Meghan:                Yeah.

Christine:              But if there was one that you really liked, which one would it be?

Meghan:                Well, you know, I have. I asked if I could have more than one, but I’m going to focus on one. You know, we have a tool that we use in our office and this is a cool hybrid between a health and business and it’s called Living Matrix, and Living Matrix is a female run company out of New York. And this is a functional medicine platform and what Living Matrix enables you to do, is you can either have it on the front of your, your site and prospective patients can come and they can complete the questionnaire or you can give it to your patients in subsequent follow-ups. And it literally built out this functional medicine Matrix and where their body is stressed and where it’s compensating and it becomes this really amazing tool because then you sit down with your patients, they completed it online, they’re told that they get a result, and they can book an appointment with you to sit down and go through it, because. And I understand the functional medicine matrix is beyond the average person.

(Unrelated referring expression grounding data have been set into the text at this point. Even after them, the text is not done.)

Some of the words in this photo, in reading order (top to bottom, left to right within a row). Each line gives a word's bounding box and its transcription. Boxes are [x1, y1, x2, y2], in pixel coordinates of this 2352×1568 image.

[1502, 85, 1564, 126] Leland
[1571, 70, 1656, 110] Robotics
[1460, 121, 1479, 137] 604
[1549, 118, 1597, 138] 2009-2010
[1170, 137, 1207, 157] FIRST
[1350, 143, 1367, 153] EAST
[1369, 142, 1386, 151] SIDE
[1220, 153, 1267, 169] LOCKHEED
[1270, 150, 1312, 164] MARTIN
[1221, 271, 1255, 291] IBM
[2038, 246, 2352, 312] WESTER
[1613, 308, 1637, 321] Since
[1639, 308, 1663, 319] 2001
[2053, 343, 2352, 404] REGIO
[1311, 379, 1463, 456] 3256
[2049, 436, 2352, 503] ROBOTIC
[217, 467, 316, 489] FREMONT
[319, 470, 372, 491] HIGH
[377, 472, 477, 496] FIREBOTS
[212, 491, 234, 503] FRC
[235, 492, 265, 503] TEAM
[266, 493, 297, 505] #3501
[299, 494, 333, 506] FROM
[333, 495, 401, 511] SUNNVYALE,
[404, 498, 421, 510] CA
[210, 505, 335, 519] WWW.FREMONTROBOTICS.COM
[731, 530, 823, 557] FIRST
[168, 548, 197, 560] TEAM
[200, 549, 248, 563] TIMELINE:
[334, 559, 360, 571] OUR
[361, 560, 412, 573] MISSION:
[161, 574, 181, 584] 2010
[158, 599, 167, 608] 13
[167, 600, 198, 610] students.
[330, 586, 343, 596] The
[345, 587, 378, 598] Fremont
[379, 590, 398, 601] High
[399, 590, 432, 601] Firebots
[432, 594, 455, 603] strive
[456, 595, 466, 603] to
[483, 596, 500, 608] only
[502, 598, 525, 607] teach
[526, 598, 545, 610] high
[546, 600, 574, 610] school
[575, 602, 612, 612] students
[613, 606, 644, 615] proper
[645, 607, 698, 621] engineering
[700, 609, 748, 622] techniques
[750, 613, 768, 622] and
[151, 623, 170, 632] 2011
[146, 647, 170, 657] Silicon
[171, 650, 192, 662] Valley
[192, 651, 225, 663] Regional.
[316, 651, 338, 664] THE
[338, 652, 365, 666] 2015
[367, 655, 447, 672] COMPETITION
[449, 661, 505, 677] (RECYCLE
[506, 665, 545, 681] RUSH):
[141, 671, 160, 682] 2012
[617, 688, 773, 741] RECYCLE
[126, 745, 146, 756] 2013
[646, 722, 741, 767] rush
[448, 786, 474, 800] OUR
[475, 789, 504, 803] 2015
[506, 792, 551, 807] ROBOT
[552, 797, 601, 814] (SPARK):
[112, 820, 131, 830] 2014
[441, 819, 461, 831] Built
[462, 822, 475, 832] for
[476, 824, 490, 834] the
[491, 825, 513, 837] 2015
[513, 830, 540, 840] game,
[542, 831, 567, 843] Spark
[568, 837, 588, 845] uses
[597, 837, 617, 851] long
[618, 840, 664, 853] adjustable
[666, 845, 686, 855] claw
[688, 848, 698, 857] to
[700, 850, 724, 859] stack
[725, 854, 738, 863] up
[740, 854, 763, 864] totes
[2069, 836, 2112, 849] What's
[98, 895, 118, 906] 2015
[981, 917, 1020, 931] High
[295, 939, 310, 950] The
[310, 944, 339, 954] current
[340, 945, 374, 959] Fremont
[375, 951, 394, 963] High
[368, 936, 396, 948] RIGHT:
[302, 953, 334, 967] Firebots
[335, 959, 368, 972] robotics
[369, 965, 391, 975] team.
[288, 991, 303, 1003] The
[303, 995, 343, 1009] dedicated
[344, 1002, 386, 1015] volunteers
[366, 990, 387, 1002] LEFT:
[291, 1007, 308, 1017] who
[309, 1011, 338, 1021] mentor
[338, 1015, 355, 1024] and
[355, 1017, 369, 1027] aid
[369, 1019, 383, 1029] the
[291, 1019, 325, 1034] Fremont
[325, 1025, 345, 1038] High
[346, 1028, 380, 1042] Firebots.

Christine:              Yes.

Meghan:                They can’t do it, they can’t grab strategy from it. And so it becomes this really incredible platforms. So I use it as a practitioner. I still see patients because it’s a way of me aggregating data in a unique way, but it’s also this really incredible way of bringing new patients…

Christine:              Yeah!

Meghan:                and creating curiosity. So Living Matrix…

Christine:              ‘There’s your problem, now hire me,’it’s…

Meghan:                Yeah, I don’t work for them. I just like it. Yeah. No, it’s great. It’s great tool.

Christine:              This is fantastic. I’m going to add that to the show notes for sure. Living Matrix. And I’m going to check it out, like I’ve never heard of it before.

Meghan:                Oh yeah, no, it’s great.

Christine:              So there we go. We can stop now. That’s fine. No I’m kidding.

Meghan:                Thanks everyone.

Christine:              Bye. No, literally, I’m mind blown. Okay. I’m going to check it out, people before you head off to check it out, finish and listen to the episode first, but what will happen in the show notes. But Megan obviously, I chose you to be a guest because we love to learn more about running a business, right? And health business is just different and you have successfully created this platform. So I want you to talk a little bit more about that. And also I find a lot of the people that I talked to have invested a lot of money in traditional business coaches,

Meghan:                Right.

Christine:              Who usually train business coaches, right?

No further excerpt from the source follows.